Ijility maumelle ar benefits.REGISTER NOW GET FREE 888 PESOS REWARDS!

Resolved fariazz
(@fariazz)

1 year, 7 months ago
We received the following email from Google, about the credential we use for the NextEnd plugin. It looks like it will stop working soon? We are on the latest version of the plugin, but we only updated recently. As you can see in the email, it says “last 120 days”, so it could be it’s no longer a problem:

—

Hello Google Developer,

We’re writing to let you know that we detected the use of an embedded webview in requests to Google’s OAuth 2.0 authorization endpoint in the past 120 days associated with one or more of your OAuth client IDs listed in this email.

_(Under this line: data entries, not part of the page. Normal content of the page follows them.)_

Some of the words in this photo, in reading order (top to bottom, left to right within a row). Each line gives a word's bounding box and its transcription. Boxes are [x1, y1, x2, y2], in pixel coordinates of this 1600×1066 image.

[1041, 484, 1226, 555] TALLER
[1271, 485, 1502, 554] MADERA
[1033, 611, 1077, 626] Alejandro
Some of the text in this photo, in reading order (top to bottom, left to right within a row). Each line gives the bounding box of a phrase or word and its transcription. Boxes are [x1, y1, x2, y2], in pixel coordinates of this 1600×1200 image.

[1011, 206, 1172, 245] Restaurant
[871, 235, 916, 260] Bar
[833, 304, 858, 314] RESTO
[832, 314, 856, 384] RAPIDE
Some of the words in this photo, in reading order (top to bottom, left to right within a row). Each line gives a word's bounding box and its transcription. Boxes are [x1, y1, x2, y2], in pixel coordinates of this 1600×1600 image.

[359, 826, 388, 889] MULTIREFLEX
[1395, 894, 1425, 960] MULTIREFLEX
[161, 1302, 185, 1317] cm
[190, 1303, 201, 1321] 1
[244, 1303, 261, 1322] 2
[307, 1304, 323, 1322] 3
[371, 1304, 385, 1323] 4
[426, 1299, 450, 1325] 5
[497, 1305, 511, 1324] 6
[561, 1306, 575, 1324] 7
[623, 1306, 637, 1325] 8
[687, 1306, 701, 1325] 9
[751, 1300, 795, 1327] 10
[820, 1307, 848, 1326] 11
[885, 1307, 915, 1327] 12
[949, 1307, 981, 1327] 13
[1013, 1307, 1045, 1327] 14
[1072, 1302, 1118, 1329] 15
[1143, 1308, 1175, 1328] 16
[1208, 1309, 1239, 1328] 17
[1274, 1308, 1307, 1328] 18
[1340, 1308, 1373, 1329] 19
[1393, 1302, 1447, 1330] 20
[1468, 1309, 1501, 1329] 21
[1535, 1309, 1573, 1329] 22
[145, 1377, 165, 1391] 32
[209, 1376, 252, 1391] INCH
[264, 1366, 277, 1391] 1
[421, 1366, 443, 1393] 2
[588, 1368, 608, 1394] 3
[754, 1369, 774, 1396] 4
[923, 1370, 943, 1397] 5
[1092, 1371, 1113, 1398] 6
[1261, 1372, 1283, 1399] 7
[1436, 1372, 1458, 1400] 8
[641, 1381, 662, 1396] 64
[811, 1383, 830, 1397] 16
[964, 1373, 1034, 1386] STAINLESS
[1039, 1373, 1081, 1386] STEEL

Any affected authorization endpoint requests will be blocked with a disallowed_useragent error starting July 24, 2023. Affected requests to our authorization endpoint will display a user-facing warning message starting in May until July 24, 2023.

What do you need to know?

Embedded webview libraries are highly customizable, which can expose Google’s login and account authorization pages to potential “man-in-the-middle” attacks. Google’s OAuth 2.0 “Use secure browsers” policy helps us protect users from these and other types of attacks.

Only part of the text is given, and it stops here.